# Just bought a Char Griller Super Pro w/ side fire box



## kgnickl (Jul 2, 2011)

Picked it up over Father's day weekend when on sale for $99 at Lowe's. I also bought a cover and the side firebox. I have to say the new style covers CharGriller is selling this year are 100x better than the old style I bought a couple years ago with my CharGriller Duo. Also, sold my CharGriller Duo a few days later because it just took up too much space if you factored in a firebox being attached, also I rarely used the gas side of the grill.

Just finished up seasoning the grill and adding a few mods. Now just need to get a free weekend to give slow smoking some ribs a try on my new toy.

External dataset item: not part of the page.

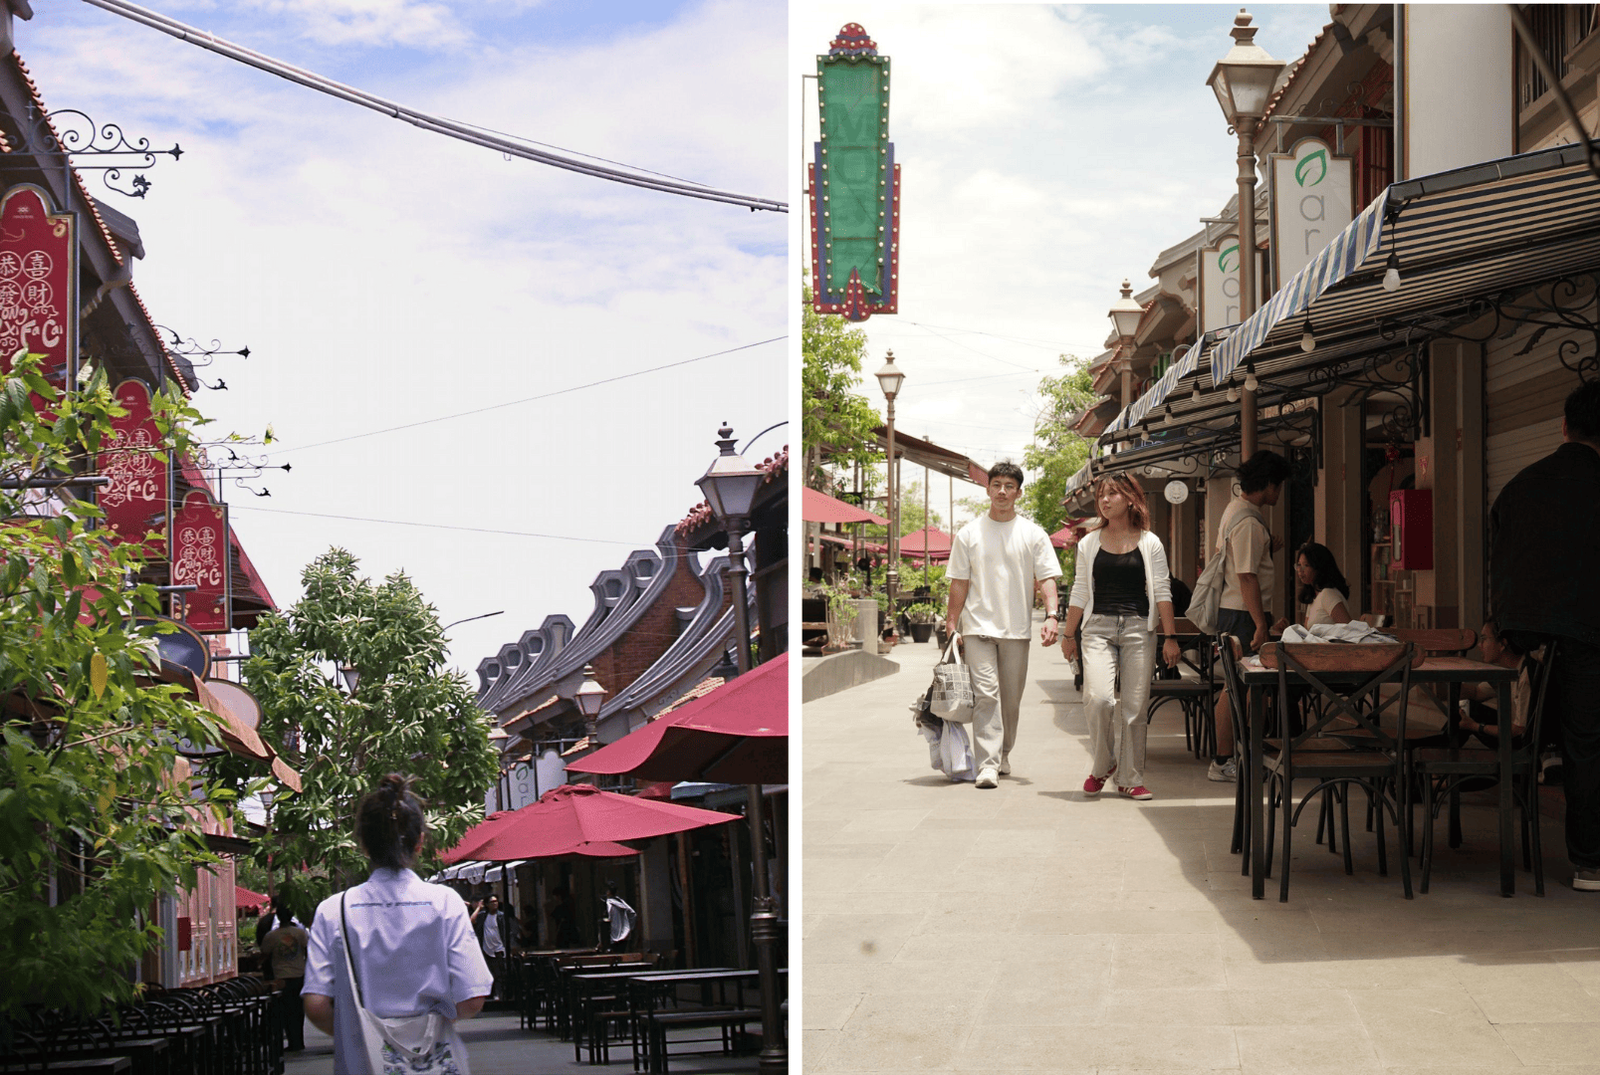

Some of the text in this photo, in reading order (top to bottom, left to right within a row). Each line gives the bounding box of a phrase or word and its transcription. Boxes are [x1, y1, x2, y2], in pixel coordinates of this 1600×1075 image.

[0, 305, 28, 326] ong
[20, 319, 40, 348] Fa
[42, 319, 63, 348] Cai

A few things I've done include:

Dryer Vent.
Big wheels for easy pushing through grass.
Removed original gauge (was off 30-40 degrees and filled with oil and moisture....) and patched the hole.
Added (2) new River Country 2" gauges to the lower left and right.
Added a coupe hinges to keep the sliding side firebox tray securely closed (kept popping out a 1/4 inch or so on one side when closed....).
Rubbed a few coats of Waterlox on all wood parts to keep them looking good and make them easy to clean. Good stuff and had a bunch left over from a previous project.
Took the extra plate between the grill and firebox and cut all but 2 tabs off and then used wing nuts to secure inside the grill. This allows me to use the either side as a grill when I'm not smoking. I figure if I'm cooking for 1-2 then use the small firebox or if 2+ then use the grill side. Then when smoking I just remove it.
Charcoal basket for the firebox.


----------



## cowgirl (Jul 2, 2011)

Great looking set up!! Welcome to the forum! :)


----------



## jak757 (Jul 2, 2011)

Nice job on the mods!   I really like the charcoal basket, should do a fine job!


----------



## adiochiro3 (Jul 2, 2011)

Nice acquisition!  Welcome to the SMF family!


----------



## azron (Jul 2, 2011)

Nice rig!  I have the outlaw and just put on the sfb.  I plan on doing most of your mods too.  Later Ron


----------



## SmokinAl (Jul 3, 2011)

Glad to have you with us!

Looks like your ready to go!


----------



## jirodriguez (Jul 3, 2011)

Nice mods! Let us know how the temps do with the damper in the middle like that.

Now on with the Qview!


----------



## venture (Jul 3, 2011)

Mods to the max!  Looks like you are set.

Good luck and good smoking.


----------